Avalon

Le film dont la musique est un personnage.

Comment décrire une œuvre d’art ? Donnons la parole à Mamoru Oshii le génial réalisateur d’Avalon :

« Lorsque l’on veut connaître la vérité sur un film, on a toujours tendance à interroger le réalisateur. Je ne suis pas persuadé que ce soit la bonne démarche. (…) Pour que la magie du cinéma opère, il faut que les spectateurs puissent se l’approprier. (…) Il n’est jamais possible de comprendre un film uniquement par des mots. Il n’y a que les critiques de cinéma pour vouloir le faire. (…) Je préfère que les spectateurs cherchent eux-mêmes les réponses aux problèmes soulevés par mes œuvres.»

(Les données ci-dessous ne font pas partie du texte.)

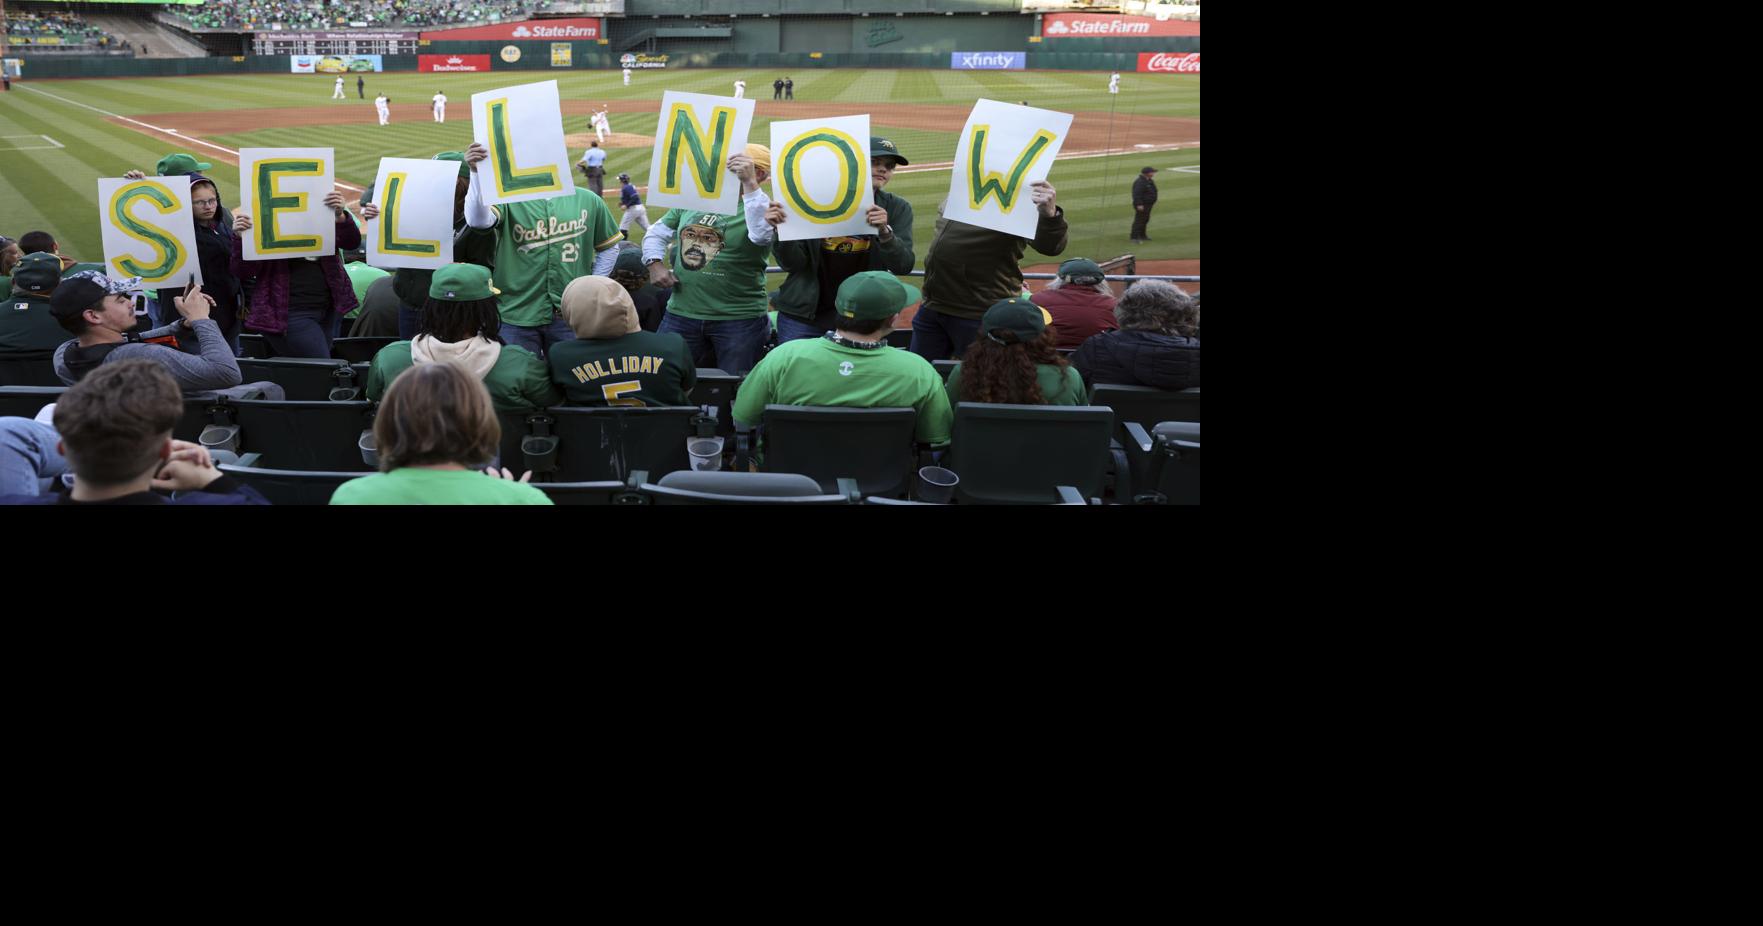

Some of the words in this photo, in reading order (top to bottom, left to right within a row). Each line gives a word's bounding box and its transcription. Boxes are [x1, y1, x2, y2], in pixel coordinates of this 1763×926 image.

Propos rapportés par Bertrand Rougier dans le fascicule inclus dans le DVD (Studio canal / desfilms).

Il est donc extrêmement difficile de monologuer sur Avalon. Mais puisque le dialogue par l’intermédiaire de ces lignes n’est pas plus simple je vais simplement vous livrer mes impressions à l’état brut.

Langues.

Si vous comprenez le japonais ça ne vous sera pas d’un grand secours pour la VO. Mamoru Oshhi a tourné son film avec des acteurs polonais.

Jeu.

Le moteur de l’intrigue est un jeu se situant dans une réalité virtuelle où les joueurs progressent de niveau en niveau. Le niveau de classe A paraissant de prime abord le plus élevé. On retrouve dans ce jeu les ingrédients classiques d’un jeu de rôles type « Donjons et Dragons ». Bien que son univers se situe dans un contexte de guerre moderne (chars d’assaut et grosses pétoires) on y fait référence aux classes de personnages « prêtre » et « guerrier ». Le titre « Avalon » est bien entendu tiré des légendes arthuriennes qui restent en filigrane de l’univers du film.

Personnages.

Il y a peu de personnages principaux mais ceux-ci sont tous parfaitement « léchés ». Pas de coquille vide, pas de faire-valoir : quelques images suffisent cependant à en faire un portrait complet et subtil qui rend chacun unique. Le déroulement de l’intrigue complète progressivement le passé de chacun d’eux, éclaire peu à peu leurs motivations et leurs comportements.

Virtuel / Réel.

Le monde du jeu est clairement identifié. Depuis les explosions plates qui se figent jusqu’aux personnages qui volent en « éclats » quand ils sont tués, il y a perpétuellement une distanciation du jeu par rapport à la vie réelle. Et pourtant ! Quel est donc ce monde où la nourriture des hommes ressemble à de la pâtée pour chien tandis que le chien de l’héroïne a droit à un plat cuisiné qui met l’eau à la bouche ? Un monde où seul les joueurs semblent vivants : le reste de l’humanité demeure figé dans l’immobile répétition des attitudes quotidiennes et routinières. Rien d’étonnant alors que certains joueurs préfèrent demeurer prisonniers de leur monde virtuel. Sommes nous si loin que cela de notre société et des « hard core gamer », des « no-life » ?

Couleurs / Lumière.

La plus grande partie de l’œuvre est métallique, teintée à l’ocre, contrastée dans un clair-obscur carcéral évoquant des films sombres de guerre ou de totalitarisme. Car enfin : à qui profite le jeu ?

Musique.

Vocale et orchestrale, la bande son est particulièrement prégnante et prenante. C’est au début de l’histoire un son qui soutient l’action au point de ne pouvoir en être dissocié. L’une des scène pourrait même constituer un clip à part entière. Puis, vers la fin, l’orchestre, le chœur, la soliste sont réellement présents, dépassant leur rôle de « décor » pour s’intégrer dans l’intrigue, tout comme les joueurs s’intègrent dans leur univers. C’est à cet instant que la distinction entre réel et virtuel devient ténue. Mais non pas à la manière de P.K.Dick qui excelle dans l’art de nous faire perdre nos points de repères. Il s’agit plutôt ici d’une progression dans la présence réelle de la virtualité, comme si chaque niveau supérieur du jeu avait bénéficié de nouveaux progrès techniques permettant au joueur une immersion encore plus totale.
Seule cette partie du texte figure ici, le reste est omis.